We Survived the Museum, but Were Almost Finished Off By the Swing

Friday, November 16, 2012


Judd the Red Chicken was studying the map -- not wallowing in lethargy. I'm happy to report that the fever was gone this morning, so we were able to resume our studies. 

The highlights of those studies are:

The Sister taught them about the anatomy of a frog complete with a simple discussion on how the digestive system works. They then created a gelatinous, dissectible-friendly frog... and then dissected it... in a friendly way.   




  
They worked on their drafts from their writing assignment inspired by our trip to the Met on Wednesday. I was soundly impressed with the drafts, and I was even more pleased that both were so proud of their drafts that they wanted to read them out loud (even though that's only a requirement for "final" drafts).



We went to the Jewish Museum. Which is housed in one of the 5th Avenue mansions -- the Warburg's.  It is in the French chateau style... and it is shockingly beautiful when you cross the street and get a view of it in its entirety.  
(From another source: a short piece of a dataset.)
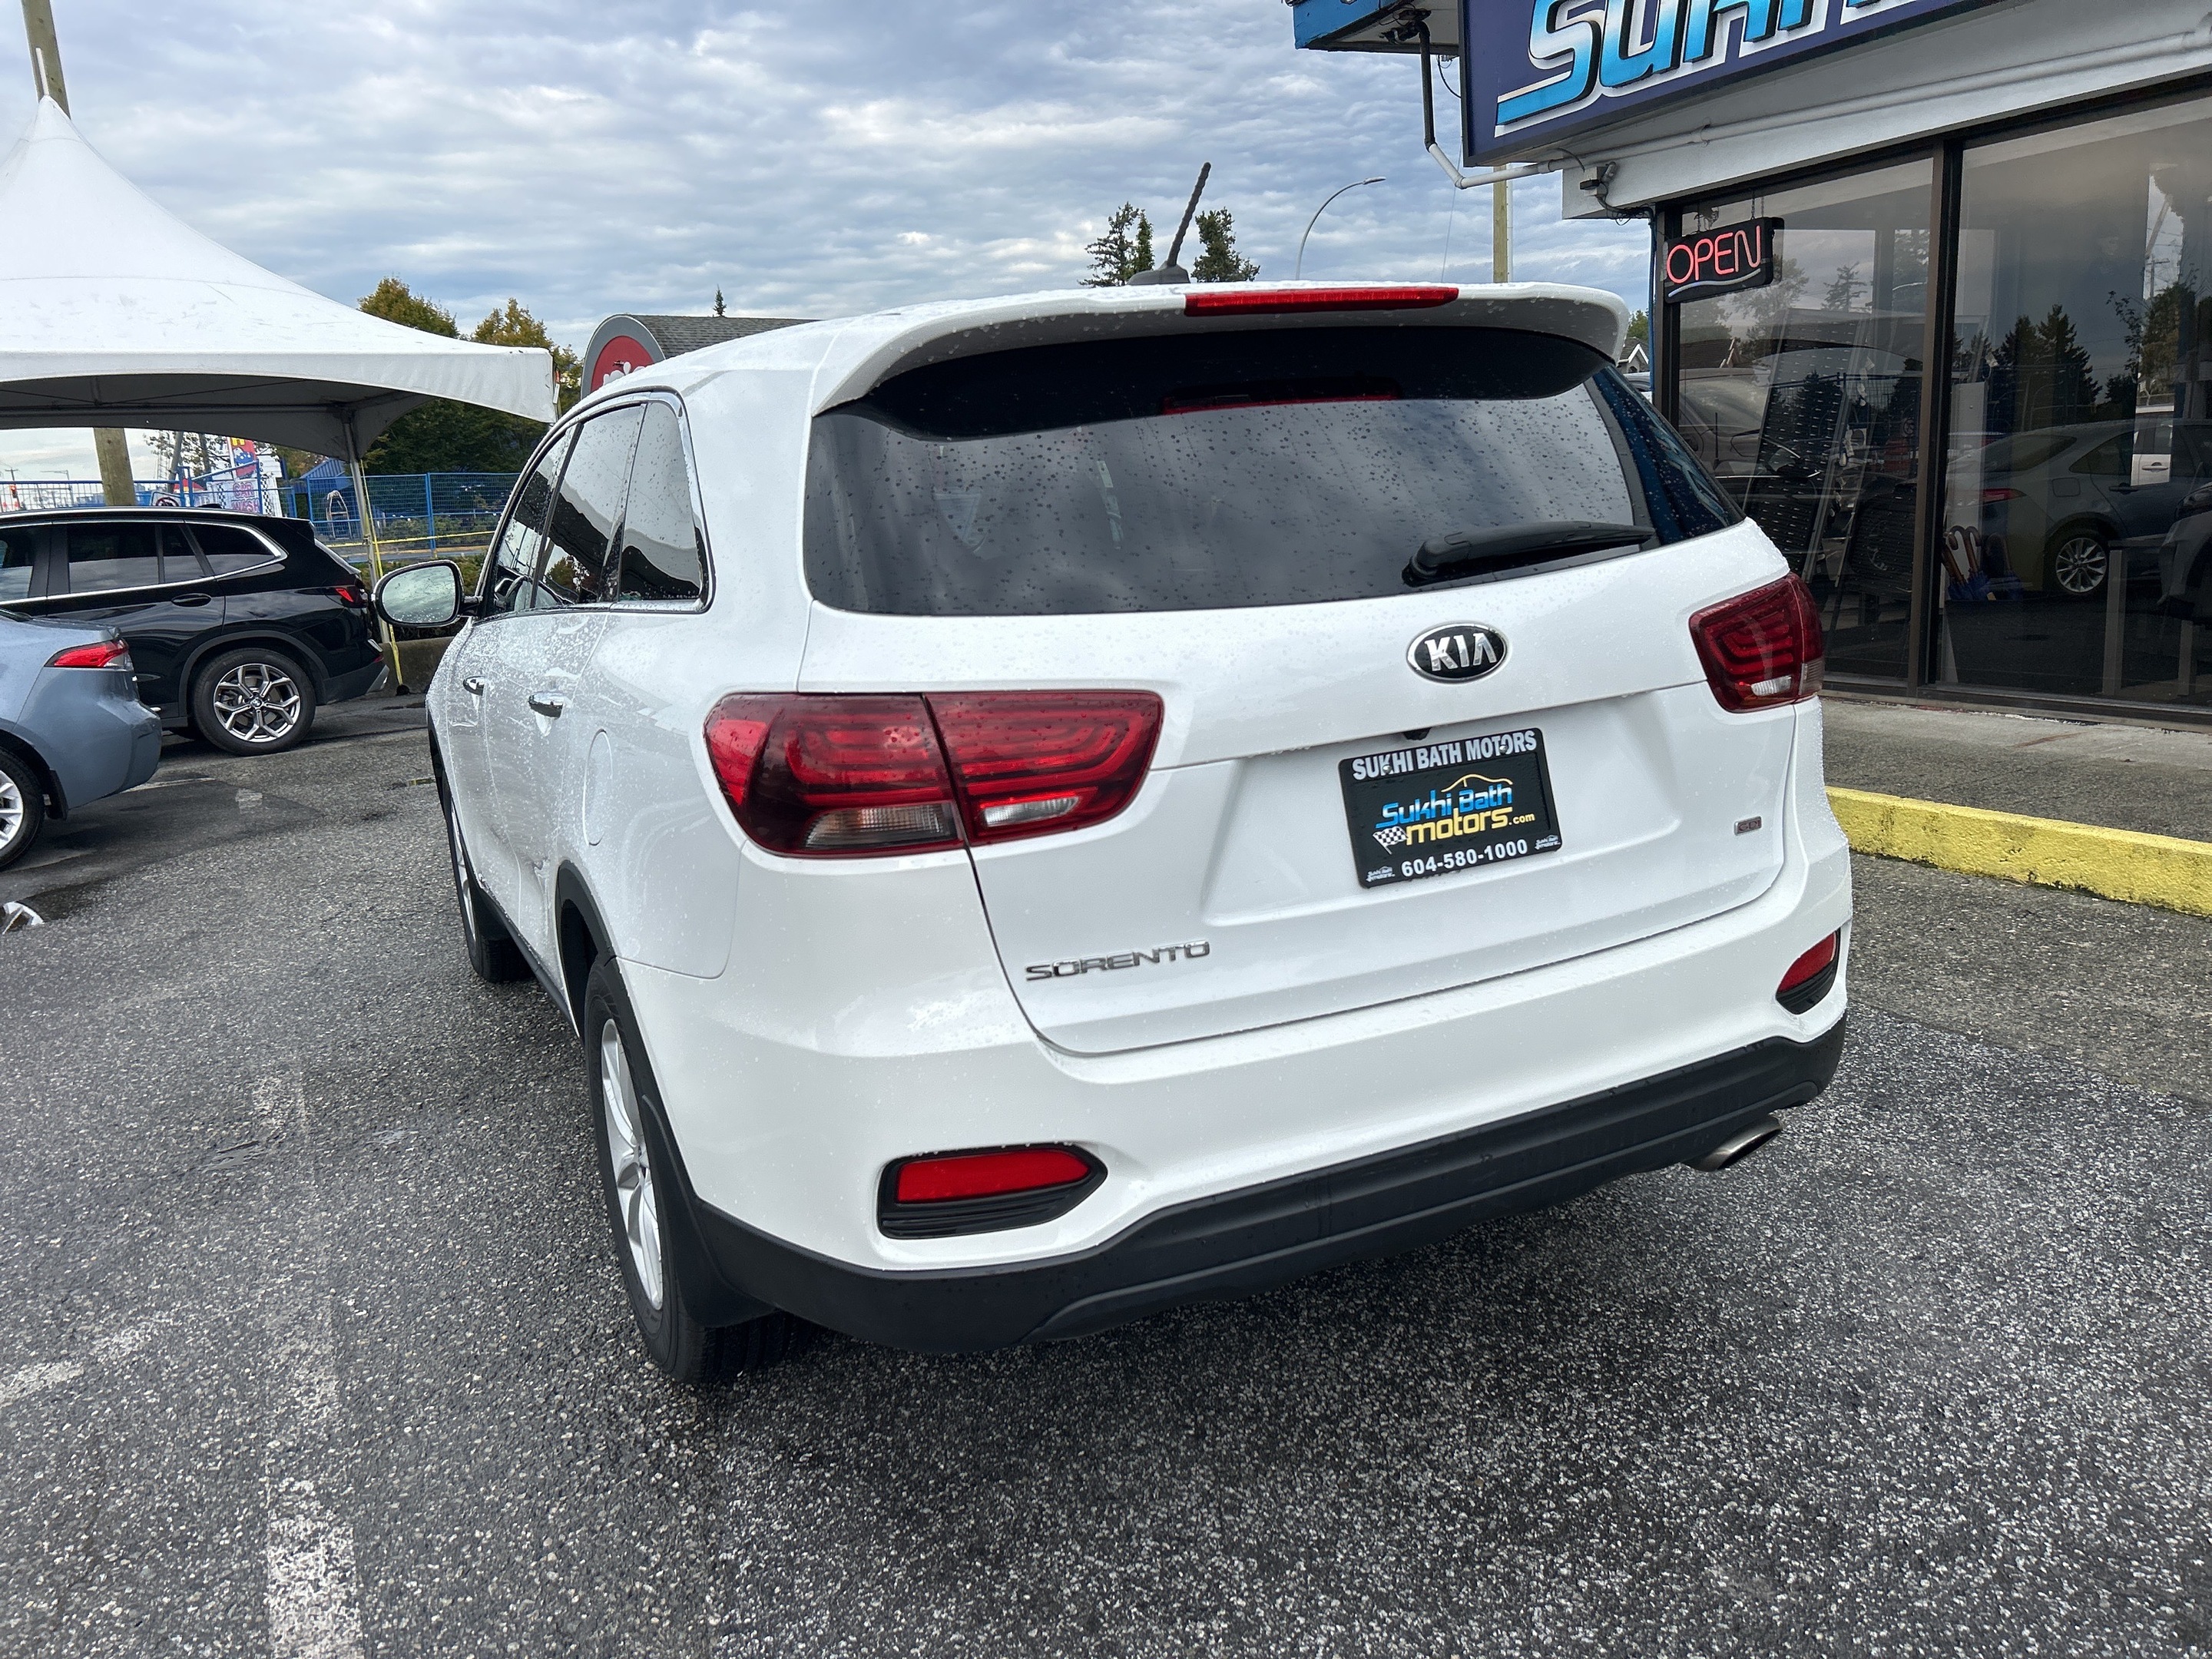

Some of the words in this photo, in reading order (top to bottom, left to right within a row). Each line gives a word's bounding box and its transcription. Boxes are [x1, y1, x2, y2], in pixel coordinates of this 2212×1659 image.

Highlights of this highlight are:

Our health science lesson.  Judd the Red Chicken called me over to look at "the cool butter knife." Not being squeamish I launched into circumcision. I explained it from a religious perspective and a medical one. I shared the information I collected prior to his birth and the reasoning that went into the decision that was made for him. I mentioned that our pediatrician recommended to "circumcise or not circumcise based on what the father is." And it was at that moment that I caught the pained, fully disgusted look on The Sister's face. 

"TMI?"
"TMI."



Currently there is an exhibition featuring manuscripts from the Bodleian Libraries. They are beautiful. We loved getting super close to the glass and looking at the tiny, tiny details that were done by hand. There was a reference made to how many people see ebooks as the great shift/advancement of the written word, but the argument could be made that the truly monumental transition was from scrolls to codex (the bound book as we know it). I guess if I lived back then I would have been the crazy lady shaking my scrolls at people and kvetching about the nuances that would be lost by converting to those new-fangled codexes... 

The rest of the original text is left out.